------ Given records ------

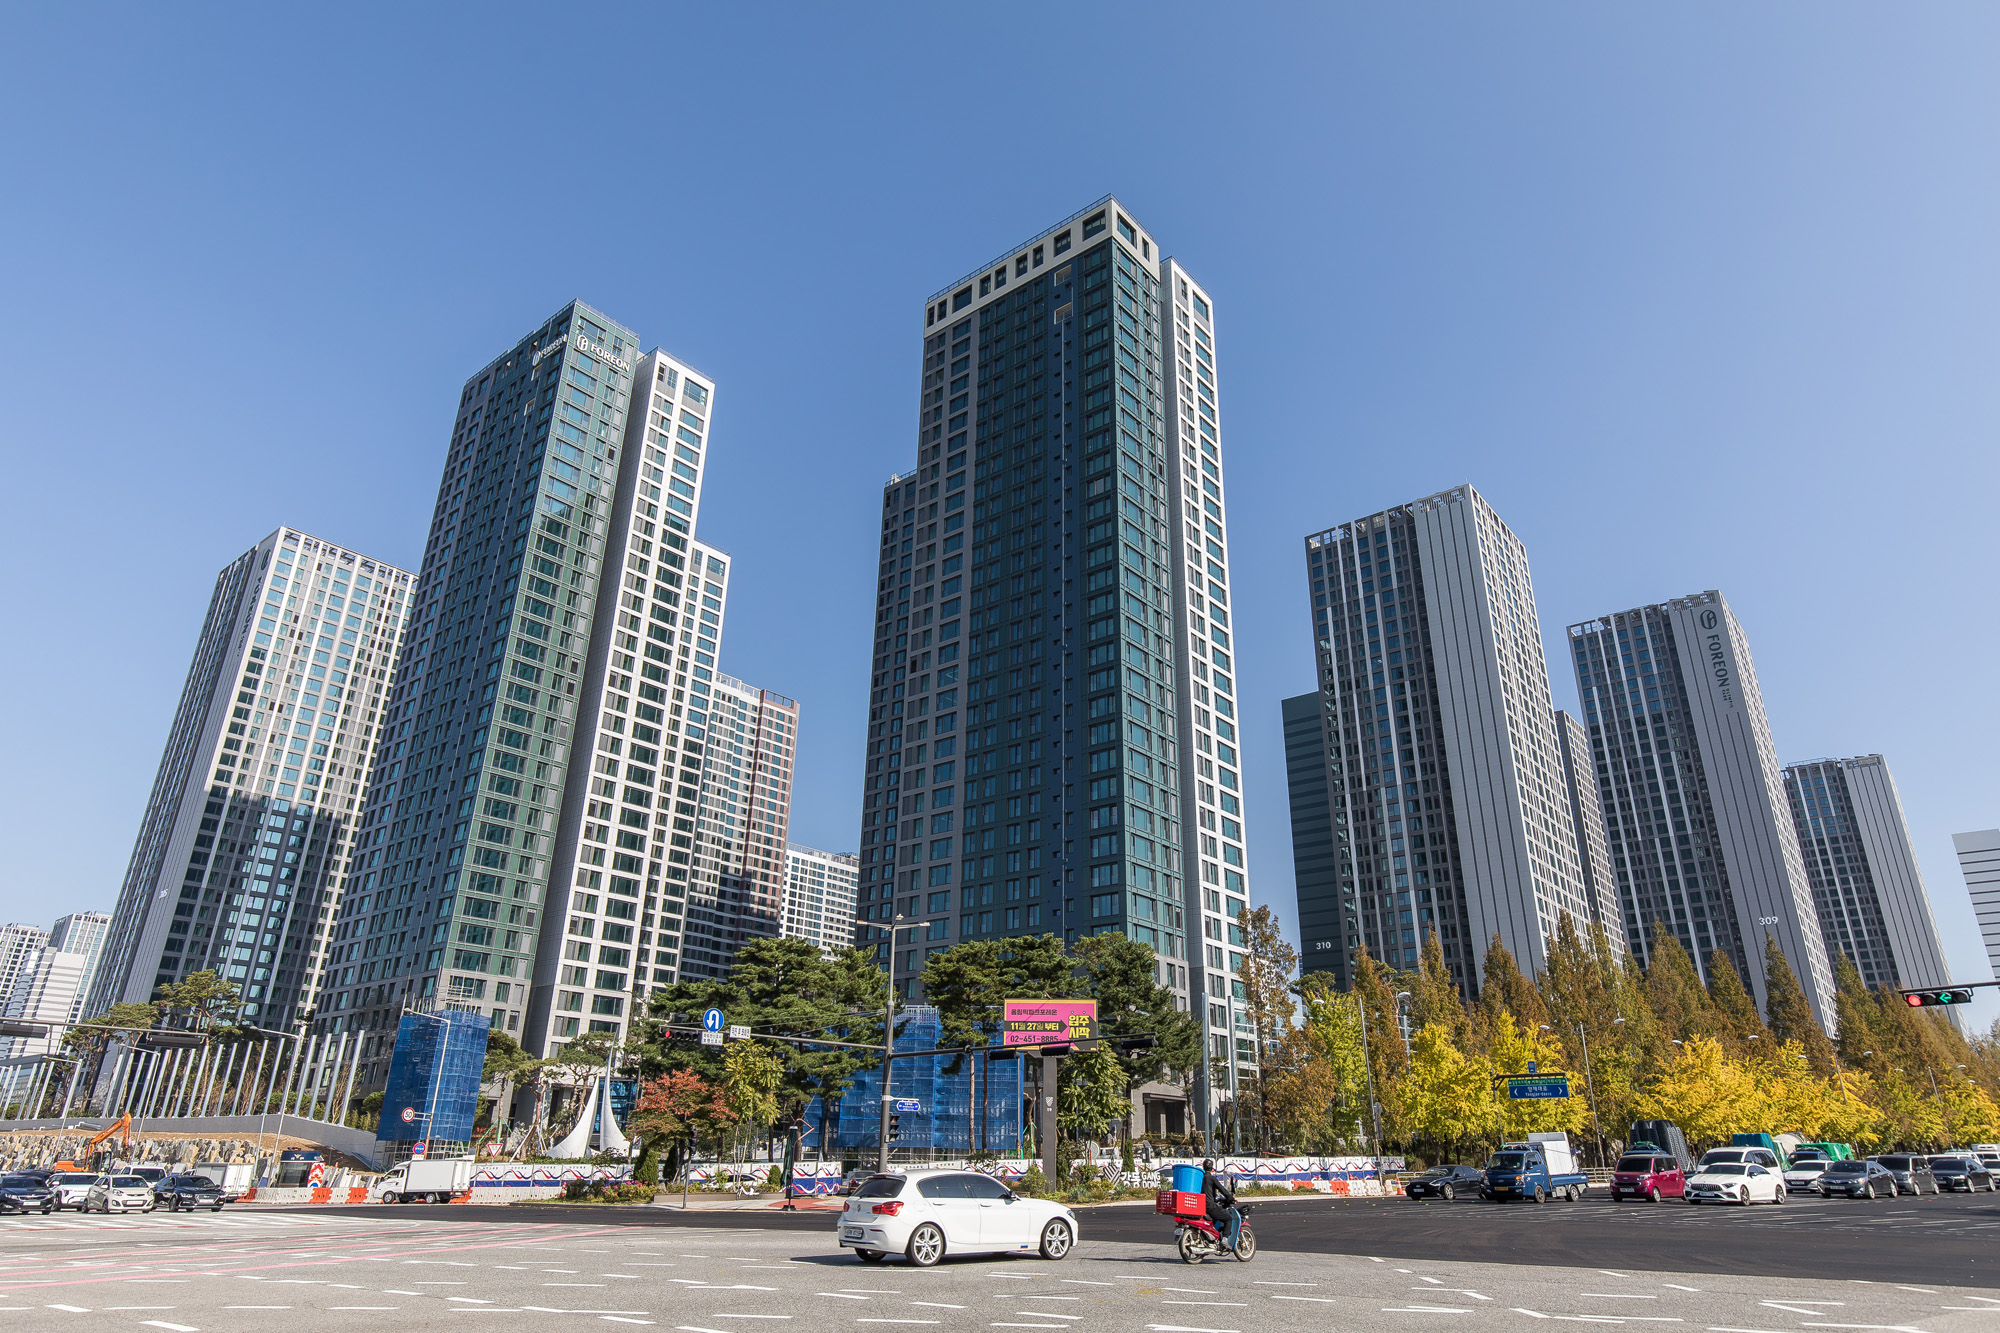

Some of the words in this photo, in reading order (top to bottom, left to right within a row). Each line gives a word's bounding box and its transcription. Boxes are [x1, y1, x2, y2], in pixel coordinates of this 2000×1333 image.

[590, 343, 630, 372] FOREON
[1707, 634, 1730, 687] FOREON
[1758, 916, 1778, 925] 309
[1316, 941, 1331, 950] 310
[1068, 1015, 1090, 1027] 입주
[1010, 1022, 1026, 1031] 11월
[1027, 1022, 1044, 1031] 27일
[1045, 1022, 1059, 1031] 부터
[1068, 1027, 1090, 1039] 시작
[405, 1110, 412, 1119] 50
[1120, 1171, 1140, 1188] 강동
[1141, 1172, 1160, 1181] GANG
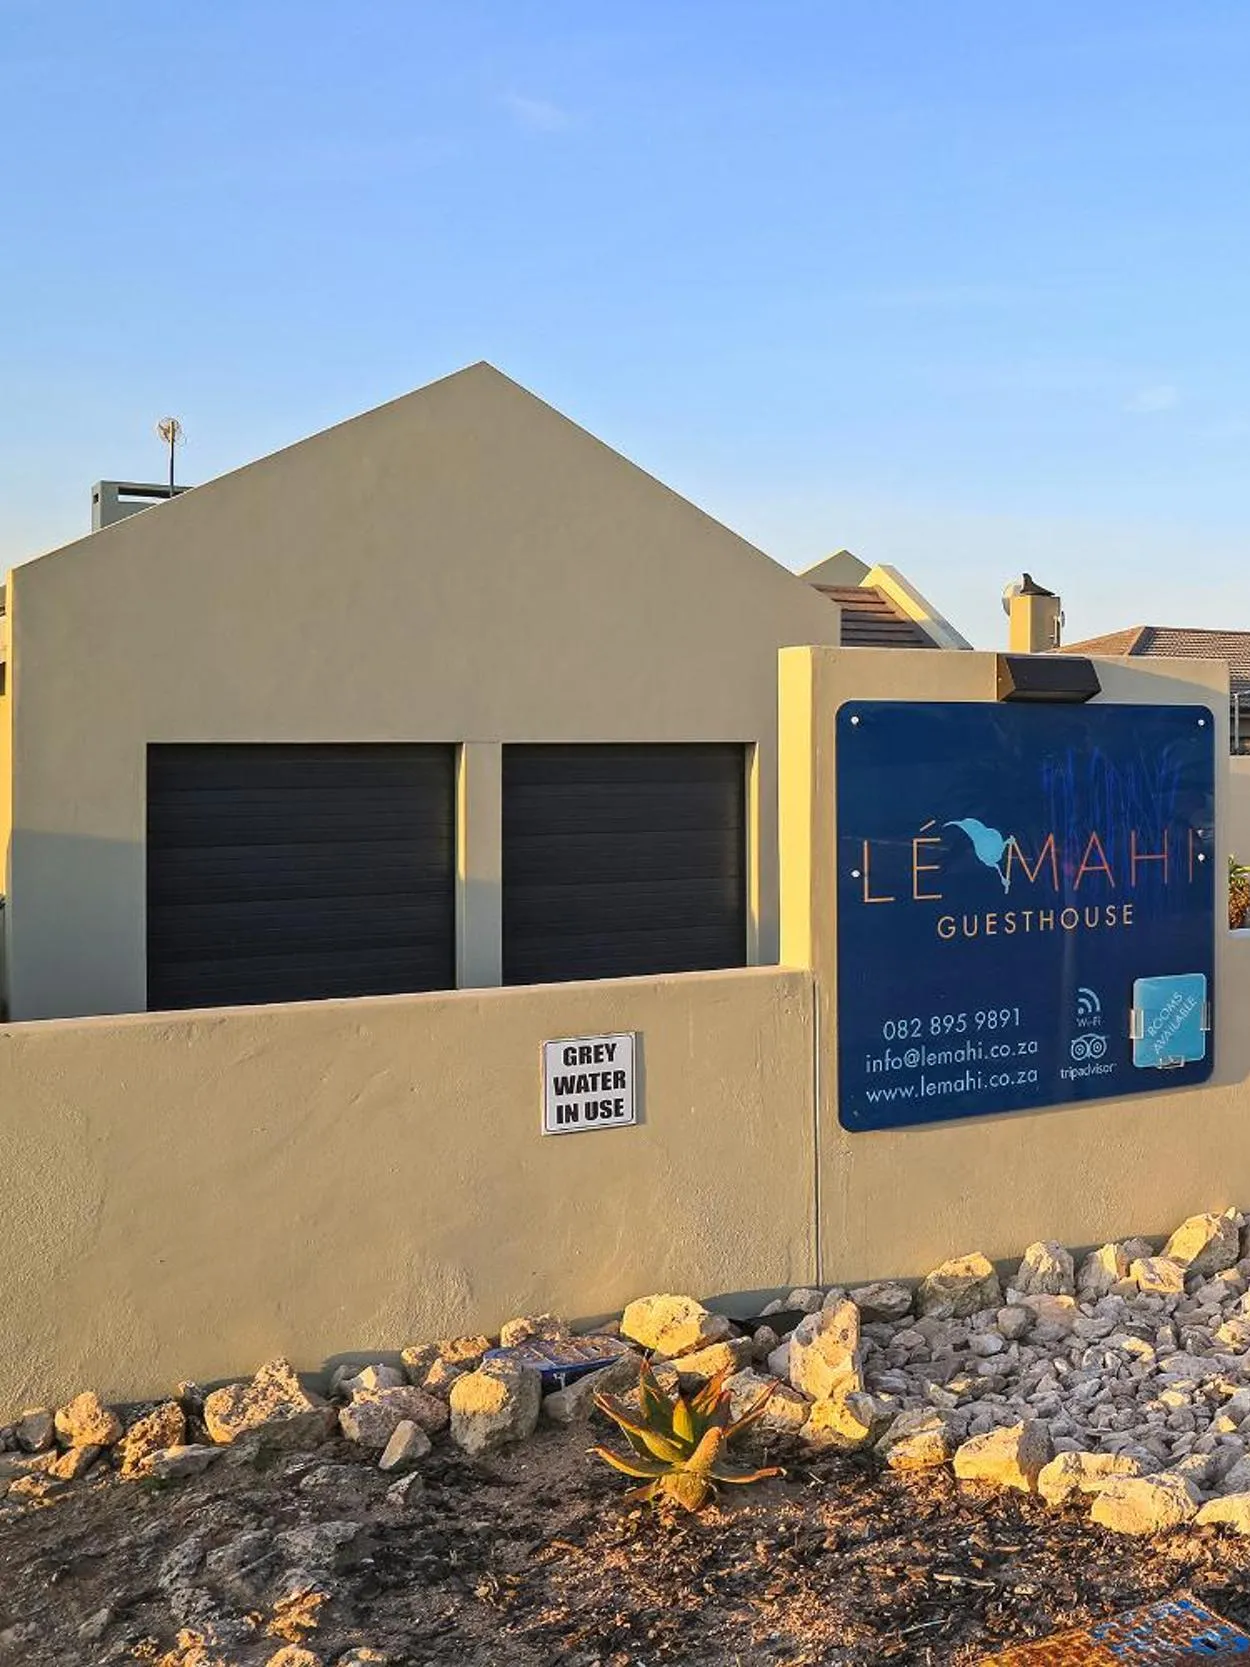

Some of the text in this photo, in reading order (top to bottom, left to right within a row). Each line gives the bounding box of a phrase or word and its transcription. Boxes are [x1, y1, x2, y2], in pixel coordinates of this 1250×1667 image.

[1005, 828, 1194, 892] MAHI
[937, 903, 1134, 939] GUESTHOUSE
[883, 1007, 1020, 1041] 082 895 9891
[1147, 991, 1183, 1037] ROOMS
[1153, 996, 1198, 1054] AVAILABLE
[562, 1043, 617, 1067] GREY
[865, 1039, 1038, 1073] info@lemahi.co.za
[1060, 1063, 1114, 1081] tripadvisor
[552, 1070, 626, 1096] WATER
[865, 1069, 1038, 1103] www.lemahi.co.za
[556, 1098, 625, 1124] IN USE

------

### Task description
What's needed is an exact retyping of the records, pictures excluded.

### The answer
Some of the words in this photo, in reading order (top to bottom, left to right within a row). Each line gives a word's bounding box and its transcription. Boxes are [x1, y1, x2, y2], in pixel coordinates of this 2000×1333 image.

[590, 343, 630, 372] FOREON
[1707, 634, 1730, 687] FOREON
[1758, 916, 1778, 925] 309
[1316, 941, 1331, 950] 310
[1068, 1015, 1090, 1027] 입주
[1010, 1022, 1026, 1031] 11월
[1027, 1022, 1044, 1031] 27일
[1045, 1022, 1059, 1031] 부터
[1068, 1027, 1090, 1039] 시작
[405, 1110, 412, 1119] 50
[1120, 1171, 1140, 1188] 강동
[1141, 1172, 1160, 1181] GANG

Some of the text in this photo, in reading order (top to bottom, left to right within a row). Each line gives the bounding box of a phrase or word and its transcription. Boxes are [x1, y1, x2, y2], in pixel coordinates of this 1250×1667 image.

[1005, 828, 1194, 892] MAHI
[937, 903, 1134, 939] GUESTHOUSE
[883, 1007, 1020, 1041] 082 895 9891
[1147, 991, 1183, 1037] ROOMS
[1153, 996, 1198, 1054] AVAILABLE
[562, 1043, 617, 1067] GREY
[865, 1039, 1038, 1073] info@lemahi.co.za
[1060, 1063, 1114, 1081] tripadvisor
[552, 1070, 626, 1096] WATER
[865, 1069, 1038, 1103] www.lemahi.co.za
[556, 1098, 625, 1124] IN USE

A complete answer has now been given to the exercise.